Thursday, November 28. We offer more material to provoke thought and conversation during the Thanksgiving holiday. No better source than two important indigenous artists: Joy Harjo and Lyla June. The post includes a short video from Lyla June on the truth about Thanksgiving and a poem from Joy Harjo describing how so many important moments in our lives occur while sharing community around a table. Click here to read the full post and to watch Lyla June’s video.

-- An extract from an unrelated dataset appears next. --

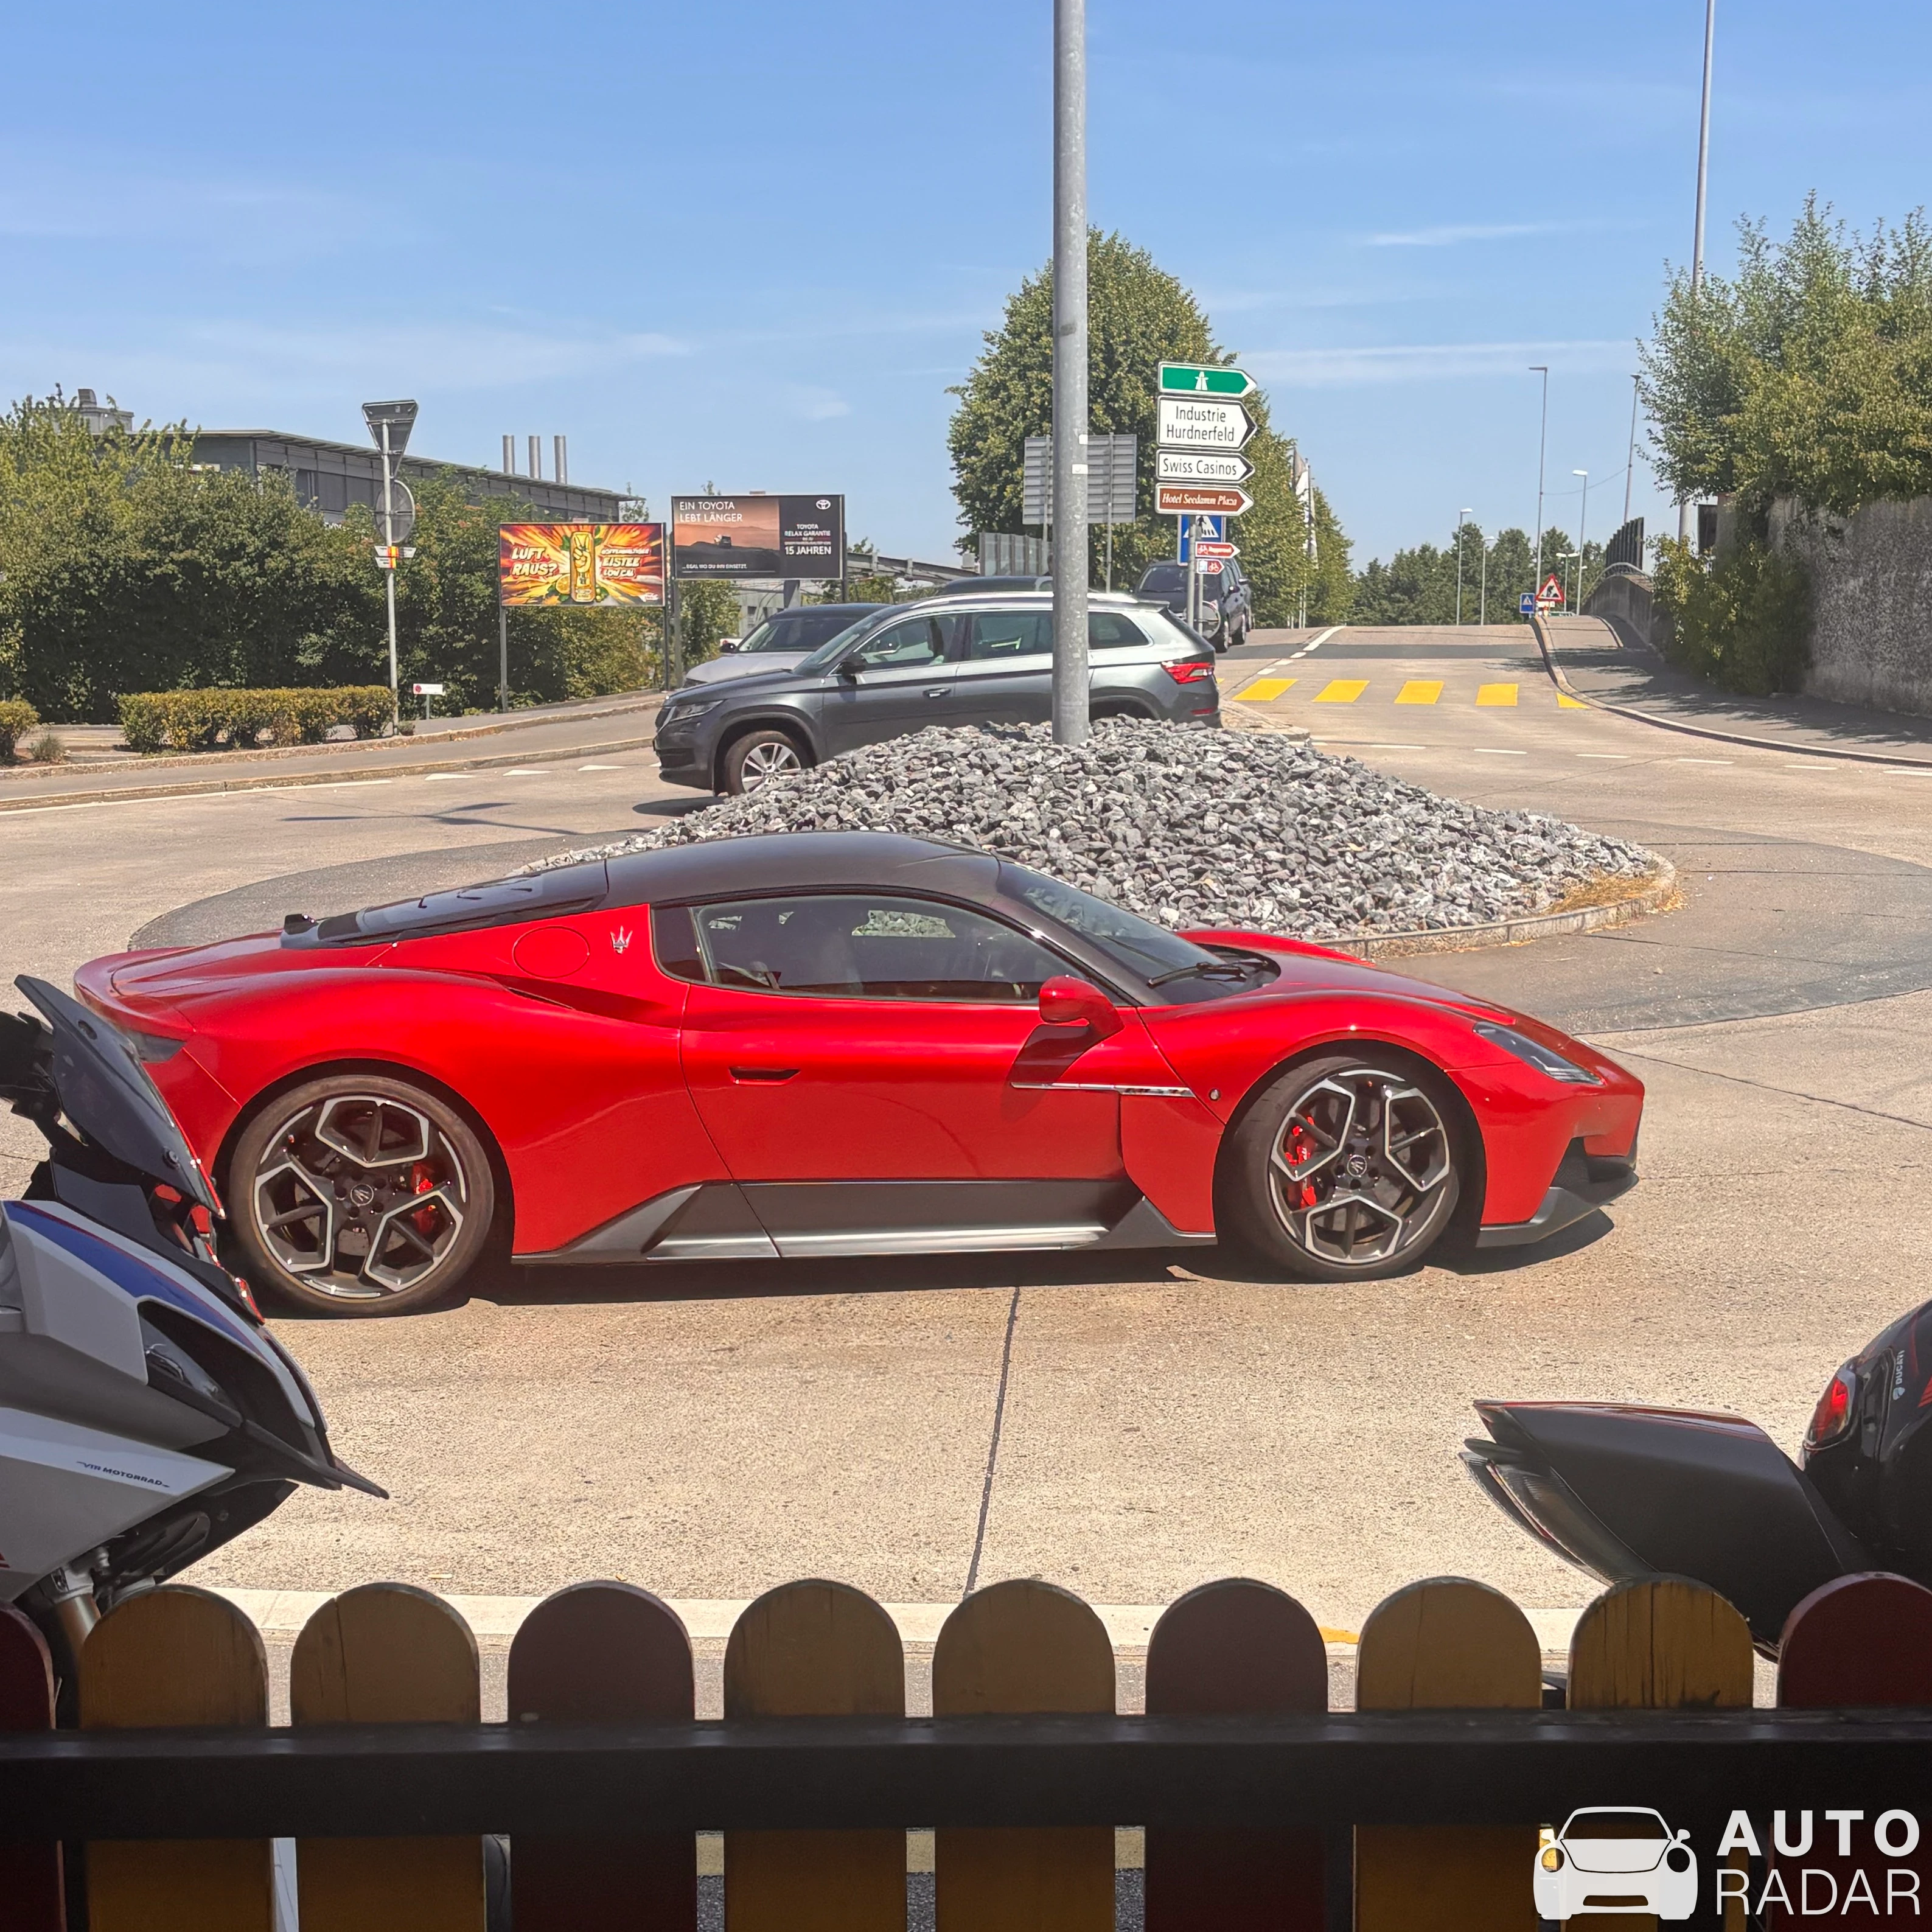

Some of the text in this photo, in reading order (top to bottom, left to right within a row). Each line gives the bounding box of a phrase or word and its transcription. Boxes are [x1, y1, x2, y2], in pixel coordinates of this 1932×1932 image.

California Bans Future Fracking & Can Use Public Bank to Finance Green New Deal & Just Transition

Saturday, November 30. We could learn much from what California is doing: its legislators and Governor are not captive to the gas and oil industry. North Dakota has used its public bank for a century, weathering economic ups and downs and serving as a partner to state and local government, local banks and credit unions.

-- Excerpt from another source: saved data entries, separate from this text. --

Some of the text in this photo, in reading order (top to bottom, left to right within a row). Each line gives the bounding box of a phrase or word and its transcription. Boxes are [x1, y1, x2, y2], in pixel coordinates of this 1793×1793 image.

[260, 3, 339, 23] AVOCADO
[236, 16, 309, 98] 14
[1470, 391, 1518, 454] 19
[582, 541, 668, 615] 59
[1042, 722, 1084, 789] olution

In NM, a public bank could be the financial engine driving the transition to a just and sustainable economy instead of our relying on continued fracking revenue. California has begun the just transition by officially slamming the door on future fracking in the state. Kudos to them. Shame on us. The post includes links to our Governor, Speaker Brian Egolf, and Senate Leader Peter Wirth. We encourage you to write to them all and include a link to this post. Click here to read the full post.
In solidarity,
Paul and Roxanne
Categories: Uncategorized
We roughly need 3,000 Santafeans with one voice demanding a different use for the ‘heart of the city’. And about 6,000 SFC residents to help.
Is that all? 😉
I disagree with “Kudos for them. Shame on us.” “Them” being California; the issue being their recent move to halt all fracking. No question they are years ahead of us (perhaps even light years ahead). Yes, kudos to them.
But they have three significant advantages over us in this particular race. For one thing, while we’re a blue state, they are crawling with Democrats, so much so that California almost always gives its electoral college votes to the Democrat.

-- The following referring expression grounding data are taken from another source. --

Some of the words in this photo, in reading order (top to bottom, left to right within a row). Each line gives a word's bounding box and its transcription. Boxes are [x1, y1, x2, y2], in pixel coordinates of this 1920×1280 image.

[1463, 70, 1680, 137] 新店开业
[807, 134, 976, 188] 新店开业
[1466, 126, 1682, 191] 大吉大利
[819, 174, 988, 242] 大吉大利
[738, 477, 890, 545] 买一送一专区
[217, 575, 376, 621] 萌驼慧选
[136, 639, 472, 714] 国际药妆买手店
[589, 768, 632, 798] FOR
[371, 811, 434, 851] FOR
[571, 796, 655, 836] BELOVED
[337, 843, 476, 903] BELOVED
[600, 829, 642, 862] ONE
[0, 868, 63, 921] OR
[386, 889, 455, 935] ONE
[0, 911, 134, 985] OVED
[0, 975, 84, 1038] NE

But far more important is their economy. California has the world’s fifth largest economy. Can any of us grasp that? Where is our Silicon Valley, our Hollywood, our fruit and vegetables exported in all directions? Sure they will be giving up oil and gas revenues, but how much? Do they have anything comparable to even a corner of the Permian Basin or the gas reserves in the NW of NM? Not on any maps of fossil fuel reserves I’ve seen.
Their third “advantage” is truly terrible, the kind that concentrates the mind. When Americans first noticed climate changes here and now, the saw rising sea levels in Florida streets, super storms hitting the east coast and Gulf, months of Midwest flooding, and, tragically, California wiildfires. Thankfully, own wildfires just aren’t as spectacular. Our megadroughts don’t seem that different from our always dry land. Just because we’ve by and large lost our monsoon rains, that doesn’t make converts of deniers.
At the same time that California’s halt of fracking is to be celebrated because it helps us all, when we in NM do our own ban on fracking—and we MUST, no matter the cost or the pain, and sooner rather than later please—ours will be a much more monumental achievement precisely because as a poor state, we’re likely to become that much poorer without O & G.
California might risk becoming what—the world’s sixth or seventh largest economy? Oh, the poor dears.
I think LANL should be re-purposed as a laboratory for the people of this region. In particular, they should be available for agricultural testing and research help. At present, if I want my soil tested, I have to send samples to Colorado or even farther afield. Let LANL do it, and let’s stop making nuclear weapons parts.